## WORK TASK
An exact reproduction of all entries is expected.

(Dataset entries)
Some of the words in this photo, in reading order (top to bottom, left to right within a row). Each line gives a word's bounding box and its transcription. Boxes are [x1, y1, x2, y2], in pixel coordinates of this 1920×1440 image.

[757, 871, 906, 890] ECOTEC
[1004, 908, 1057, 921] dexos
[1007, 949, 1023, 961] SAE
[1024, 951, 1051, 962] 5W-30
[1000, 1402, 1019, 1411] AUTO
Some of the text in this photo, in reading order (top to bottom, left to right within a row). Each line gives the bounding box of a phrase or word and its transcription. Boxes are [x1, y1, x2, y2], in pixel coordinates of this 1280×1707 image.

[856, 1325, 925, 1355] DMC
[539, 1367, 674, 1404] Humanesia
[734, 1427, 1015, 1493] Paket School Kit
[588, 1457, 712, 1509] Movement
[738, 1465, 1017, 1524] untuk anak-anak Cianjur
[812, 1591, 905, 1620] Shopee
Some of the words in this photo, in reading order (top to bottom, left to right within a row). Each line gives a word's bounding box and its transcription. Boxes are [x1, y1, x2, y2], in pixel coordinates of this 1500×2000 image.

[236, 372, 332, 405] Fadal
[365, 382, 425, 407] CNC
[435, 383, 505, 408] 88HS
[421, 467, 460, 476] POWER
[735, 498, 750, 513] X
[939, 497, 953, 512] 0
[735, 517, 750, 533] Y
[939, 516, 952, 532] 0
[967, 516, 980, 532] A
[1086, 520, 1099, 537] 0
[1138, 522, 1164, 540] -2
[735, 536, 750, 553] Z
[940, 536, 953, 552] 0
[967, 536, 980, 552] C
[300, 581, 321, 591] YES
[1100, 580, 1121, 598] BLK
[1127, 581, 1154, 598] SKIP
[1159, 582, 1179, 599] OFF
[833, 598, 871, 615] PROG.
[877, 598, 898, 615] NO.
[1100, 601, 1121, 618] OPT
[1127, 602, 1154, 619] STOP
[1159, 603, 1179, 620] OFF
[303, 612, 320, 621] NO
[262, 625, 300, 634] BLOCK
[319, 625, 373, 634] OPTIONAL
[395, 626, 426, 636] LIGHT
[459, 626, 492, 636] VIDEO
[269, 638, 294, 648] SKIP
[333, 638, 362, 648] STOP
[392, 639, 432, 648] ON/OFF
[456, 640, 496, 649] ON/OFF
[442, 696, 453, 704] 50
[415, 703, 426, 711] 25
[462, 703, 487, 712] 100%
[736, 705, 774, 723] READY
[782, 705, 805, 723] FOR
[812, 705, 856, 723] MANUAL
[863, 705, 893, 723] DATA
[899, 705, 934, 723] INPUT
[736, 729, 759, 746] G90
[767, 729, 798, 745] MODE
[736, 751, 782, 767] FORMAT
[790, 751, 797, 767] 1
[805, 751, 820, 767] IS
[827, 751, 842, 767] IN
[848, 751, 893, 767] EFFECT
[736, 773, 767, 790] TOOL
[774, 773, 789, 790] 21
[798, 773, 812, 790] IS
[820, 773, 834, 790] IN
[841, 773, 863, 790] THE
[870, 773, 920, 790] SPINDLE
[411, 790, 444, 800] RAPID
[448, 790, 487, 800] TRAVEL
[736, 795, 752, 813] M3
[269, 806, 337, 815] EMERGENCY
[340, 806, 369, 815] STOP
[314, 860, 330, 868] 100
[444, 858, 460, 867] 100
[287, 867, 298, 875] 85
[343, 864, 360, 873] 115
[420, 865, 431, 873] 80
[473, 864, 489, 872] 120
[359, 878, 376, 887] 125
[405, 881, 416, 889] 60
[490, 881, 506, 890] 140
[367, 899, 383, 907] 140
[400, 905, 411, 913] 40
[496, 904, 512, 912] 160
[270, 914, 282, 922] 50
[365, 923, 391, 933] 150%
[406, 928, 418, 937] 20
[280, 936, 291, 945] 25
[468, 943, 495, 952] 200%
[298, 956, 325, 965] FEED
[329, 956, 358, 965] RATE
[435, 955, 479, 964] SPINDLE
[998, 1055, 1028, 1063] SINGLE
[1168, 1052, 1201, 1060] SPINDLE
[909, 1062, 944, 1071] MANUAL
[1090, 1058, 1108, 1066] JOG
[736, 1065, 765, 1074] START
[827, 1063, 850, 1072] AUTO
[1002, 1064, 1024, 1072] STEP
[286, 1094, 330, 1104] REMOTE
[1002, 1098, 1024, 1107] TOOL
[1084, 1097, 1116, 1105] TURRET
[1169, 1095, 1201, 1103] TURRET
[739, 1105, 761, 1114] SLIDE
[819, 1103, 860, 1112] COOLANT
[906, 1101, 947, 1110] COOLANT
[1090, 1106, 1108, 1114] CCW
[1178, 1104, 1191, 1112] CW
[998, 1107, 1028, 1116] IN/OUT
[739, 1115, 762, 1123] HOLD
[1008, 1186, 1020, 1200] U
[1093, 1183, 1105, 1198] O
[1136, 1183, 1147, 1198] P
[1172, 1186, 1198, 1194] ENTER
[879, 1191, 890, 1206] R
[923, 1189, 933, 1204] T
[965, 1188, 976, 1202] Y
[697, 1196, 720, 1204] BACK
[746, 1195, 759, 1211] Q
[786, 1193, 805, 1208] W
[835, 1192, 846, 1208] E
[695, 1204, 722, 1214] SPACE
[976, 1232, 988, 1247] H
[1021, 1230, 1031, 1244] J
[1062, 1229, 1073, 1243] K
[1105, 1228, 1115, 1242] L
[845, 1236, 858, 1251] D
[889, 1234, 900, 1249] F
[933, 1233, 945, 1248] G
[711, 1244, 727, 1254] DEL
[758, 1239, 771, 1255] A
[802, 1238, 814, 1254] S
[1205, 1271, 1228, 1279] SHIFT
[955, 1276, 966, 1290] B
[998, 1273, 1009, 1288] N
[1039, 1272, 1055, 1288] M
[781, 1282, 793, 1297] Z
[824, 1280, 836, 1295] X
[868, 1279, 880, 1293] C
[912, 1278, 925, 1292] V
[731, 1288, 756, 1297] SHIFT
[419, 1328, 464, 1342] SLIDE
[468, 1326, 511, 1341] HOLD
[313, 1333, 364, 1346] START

## SOLUTION TO THE PROBLEM
Some of the words in this photo, in reading order (top to bottom, left to right within a row). Each line gives a word's bounding box and its transcription. Boxes are [x1, y1, x2, y2], in pixel coordinates of this 1920×1440 image.

[757, 871, 906, 890] ECOTEC
[1004, 908, 1057, 921] dexos
[1007, 949, 1023, 961] SAE
[1024, 951, 1051, 962] 5W-30
[1000, 1402, 1019, 1411] AUTO
Some of the text in this photo, in reading order (top to bottom, left to right within a row). Each line gives the bounding box of a phrase or word and its transcription. Boxes are [x1, y1, x2, y2], in pixel coordinates of this 1280×1707 image.

[856, 1325, 925, 1355] DMC
[539, 1367, 674, 1404] Humanesia
[734, 1427, 1015, 1493] Paket School Kit
[588, 1457, 712, 1509] Movement
[738, 1465, 1017, 1524] untuk anak-anak Cianjur
[812, 1591, 905, 1620] Shopee
Some of the words in this photo, in reading order (top to bottom, left to right within a row). Each line gives a word's bounding box and its transcription. Boxes are [x1, y1, x2, y2], in pixel coordinates of this 1500×2000 image.

[236, 372, 332, 405] Fadal
[365, 382, 425, 407] CNC
[435, 383, 505, 408] 88HS
[421, 467, 460, 476] POWER
[735, 498, 750, 513] X
[939, 497, 953, 512] 0
[735, 517, 750, 533] Y
[939, 516, 952, 532] 0
[967, 516, 980, 532] A
[1086, 520, 1099, 537] 0
[1138, 522, 1164, 540] -2
[735, 536, 750, 553] Z
[940, 536, 953, 552] 0
[967, 536, 980, 552] C
[300, 581, 321, 591] YES
[1100, 580, 1121, 598] BLK
[1127, 581, 1154, 598] SKIP
[1159, 582, 1179, 599] OFF
[833, 598, 871, 615] PROG.
[877, 598, 898, 615] NO.
[1100, 601, 1121, 618] OPT
[1127, 602, 1154, 619] STOP
[1159, 603, 1179, 620] OFF
[303, 612, 320, 621] NO
[262, 625, 300, 634] BLOCK
[319, 625, 373, 634] OPTIONAL
[395, 626, 426, 636] LIGHT
[459, 626, 492, 636] VIDEO
[269, 638, 294, 648] SKIP
[333, 638, 362, 648] STOP
[392, 639, 432, 648] ON/OFF
[456, 640, 496, 649] ON/OFF
[442, 696, 453, 704] 50
[415, 703, 426, 711] 25
[462, 703, 487, 712] 100%
[736, 705, 774, 723] READY
[782, 705, 805, 723] FOR
[812, 705, 856, 723] MANUAL
[863, 705, 893, 723] DATA
[899, 705, 934, 723] INPUT
[736, 729, 759, 746] G90
[767, 729, 798, 745] MODE
[736, 751, 782, 767] FORMAT
[790, 751, 797, 767] 1
[805, 751, 820, 767] IS
[827, 751, 842, 767] IN
[848, 751, 893, 767] EFFECT
[736, 773, 767, 790] TOOL
[774, 773, 789, 790] 21
[798, 773, 812, 790] IS
[820, 773, 834, 790] IN
[841, 773, 863, 790] THE
[870, 773, 920, 790] SPINDLE
[411, 790, 444, 800] RAPID
[448, 790, 487, 800] TRAVEL
[736, 795, 752, 813] M3
[269, 806, 337, 815] EMERGENCY
[340, 806, 369, 815] STOP
[314, 860, 330, 868] 100
[444, 858, 460, 867] 100
[287, 867, 298, 875] 85
[343, 864, 360, 873] 115
[420, 865, 431, 873] 80
[473, 864, 489, 872] 120
[359, 878, 376, 887] 125
[405, 881, 416, 889] 60
[490, 881, 506, 890] 140
[367, 899, 383, 907] 140
[400, 905, 411, 913] 40
[496, 904, 512, 912] 160
[270, 914, 282, 922] 50
[365, 923, 391, 933] 150%
[406, 928, 418, 937] 20
[280, 936, 291, 945] 25
[468, 943, 495, 952] 200%
[298, 956, 325, 965] FEED
[329, 956, 358, 965] RATE
[435, 955, 479, 964] SPINDLE
[998, 1055, 1028, 1063] SINGLE
[1168, 1052, 1201, 1060] SPINDLE
[909, 1062, 944, 1071] MANUAL
[1090, 1058, 1108, 1066] JOG
[736, 1065, 765, 1074] START
[827, 1063, 850, 1072] AUTO
[1002, 1064, 1024, 1072] STEP
[286, 1094, 330, 1104] REMOTE
[1002, 1098, 1024, 1107] TOOL
[1084, 1097, 1116, 1105] TURRET
[1169, 1095, 1201, 1103] TURRET
[739, 1105, 761, 1114] SLIDE
[819, 1103, 860, 1112] COOLANT
[906, 1101, 947, 1110] COOLANT
[1090, 1106, 1108, 1114] CCW
[1178, 1104, 1191, 1112] CW
[998, 1107, 1028, 1116] IN/OUT
[739, 1115, 762, 1123] HOLD
[1008, 1186, 1020, 1200] U
[1093, 1183, 1105, 1198] O
[1136, 1183, 1147, 1198] P
[1172, 1186, 1198, 1194] ENTER
[879, 1191, 890, 1206] R
[923, 1189, 933, 1204] T
[965, 1188, 976, 1202] Y
[697, 1196, 720, 1204] BACK
[746, 1195, 759, 1211] Q
[786, 1193, 805, 1208] W
[835, 1192, 846, 1208] E
[695, 1204, 722, 1214] SPACE
[976, 1232, 988, 1247] H
[1021, 1230, 1031, 1244] J
[1062, 1229, 1073, 1243] K
[1105, 1228, 1115, 1242] L
[845, 1236, 858, 1251] D
[889, 1234, 900, 1249] F
[933, 1233, 945, 1248] G
[711, 1244, 727, 1254] DEL
[758, 1239, 771, 1255] A
[802, 1238, 814, 1254] S
[1205, 1271, 1228, 1279] SHIFT
[955, 1276, 966, 1290] B
[998, 1273, 1009, 1288] N
[1039, 1272, 1055, 1288] M
[781, 1282, 793, 1297] Z
[824, 1280, 836, 1295] X
[868, 1279, 880, 1293] C
[912, 1278, 925, 1292] V
[731, 1288, 756, 1297] SHIFT
[419, 1328, 464, 1342] SLIDE
[468, 1326, 511, 1341] HOLD
[313, 1333, 364, 1346] START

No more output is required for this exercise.